Suppressor of Cytokine Signaling (SOCS) 1 & 3 Expression in HSV-1- Infected and Interferon-γ-treated Neuro-2A Cells

This study examined the effects of HSV-1 infection and IFN-γ treatment on Neuro-2A cells. HSV-1 induces expression of SOCS1 and SOCS3 in infected cells, inhibiting the ability of these cells to produce the pro inflammatory, antiviral cytokine IFN-γ (Nowoslawski and Benveniste, 2011). SOCS1 and SOCS3 levels were determined in IFN-γ-treated cells, virus-infected cells, and cells that were both IFN-γ-treated and virus-infected. Results were compared with untreated, uninfected control cells. Flow cytometry data analysis showed a slight decrease in SOCS1 and SOCS3 protein levels in cells treated with IFN-γ for 6 hours compared to control cells. A significant decrease in SOCS1 and SOCS 3 levels was found in cells treated with IFN-γ for 18 hours. Up regulation of SOCS1 and SOCS3 expression was established in virus-infected Neuro-2A cells but this increase was not statistically significant when compared to control cells. However, culturing cells with IFN-γ for 6 hours prior to virus infection led to a significant (50%) decrease in SOCS1 and SOCS3expression compared to cells treated with IFN-γ alone. This showed that HSV-1 was not able to overcome the antiviral effects of IFN-γ to up regulate SOCS1 and SOCS3 expression. Cytopathic effects assays were performed to determine cell viability among cells treated with IFN-γ for 18 hours, cells infected with virus for 48 hours, and cells treated with IFN-γ for 18 hours followed by 48 hour HSV-1 infection.

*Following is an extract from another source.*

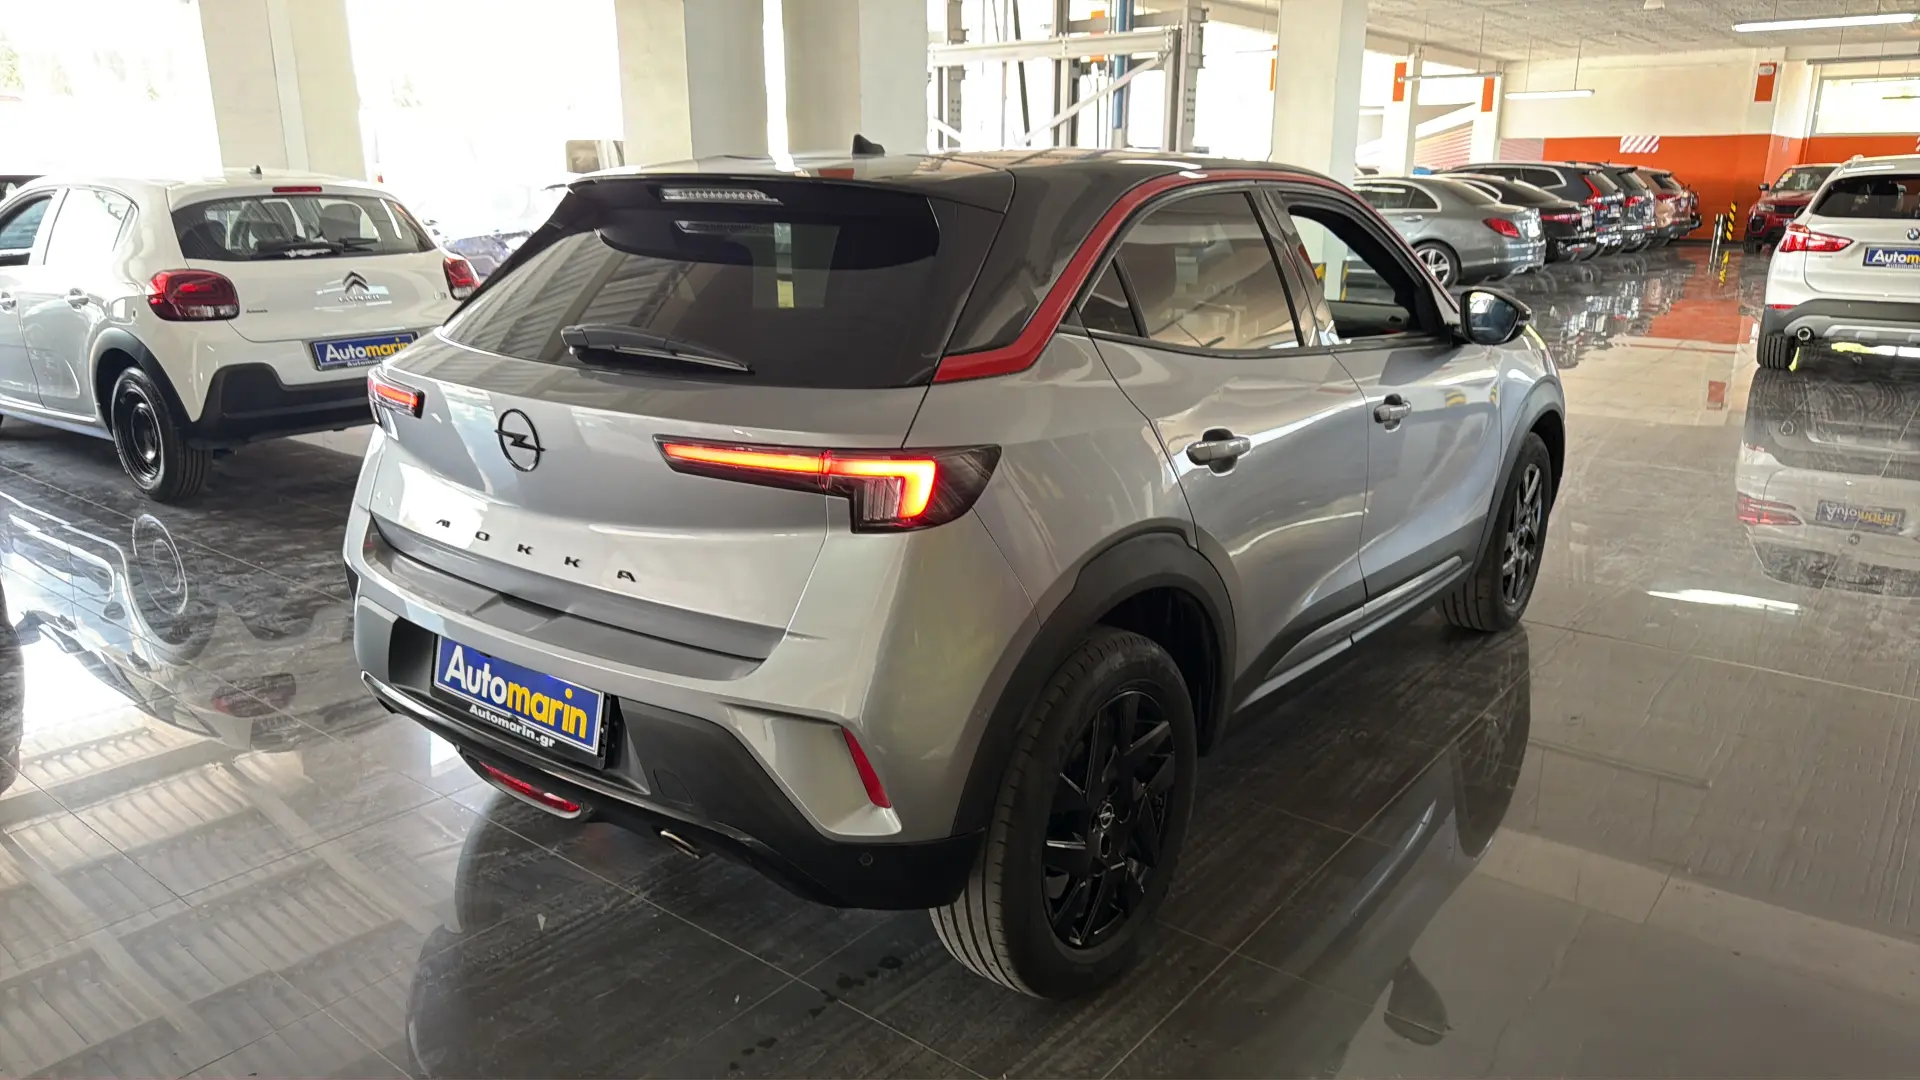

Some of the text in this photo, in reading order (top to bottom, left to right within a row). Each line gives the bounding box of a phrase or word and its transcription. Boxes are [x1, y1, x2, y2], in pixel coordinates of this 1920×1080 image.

[1872, 249, 1920, 264] Autom
[444, 644, 588, 739] Automarin
[469, 704, 556, 748] Automarin.gr

Pre-treating cells with IFN-γ for 18 hours prior to infection with HSV-1 (0.1 MOI) yielded a cell viability level similar to that of control cells (untreated/uninfected). This indicates that IFN-γ is providing antiviral protection to most, if not all of the cells. Applying these studies in a human cell line and eventually in an animal model would be necessary to find the efficacy of IFN-γ as a HSV-1 therapeutic.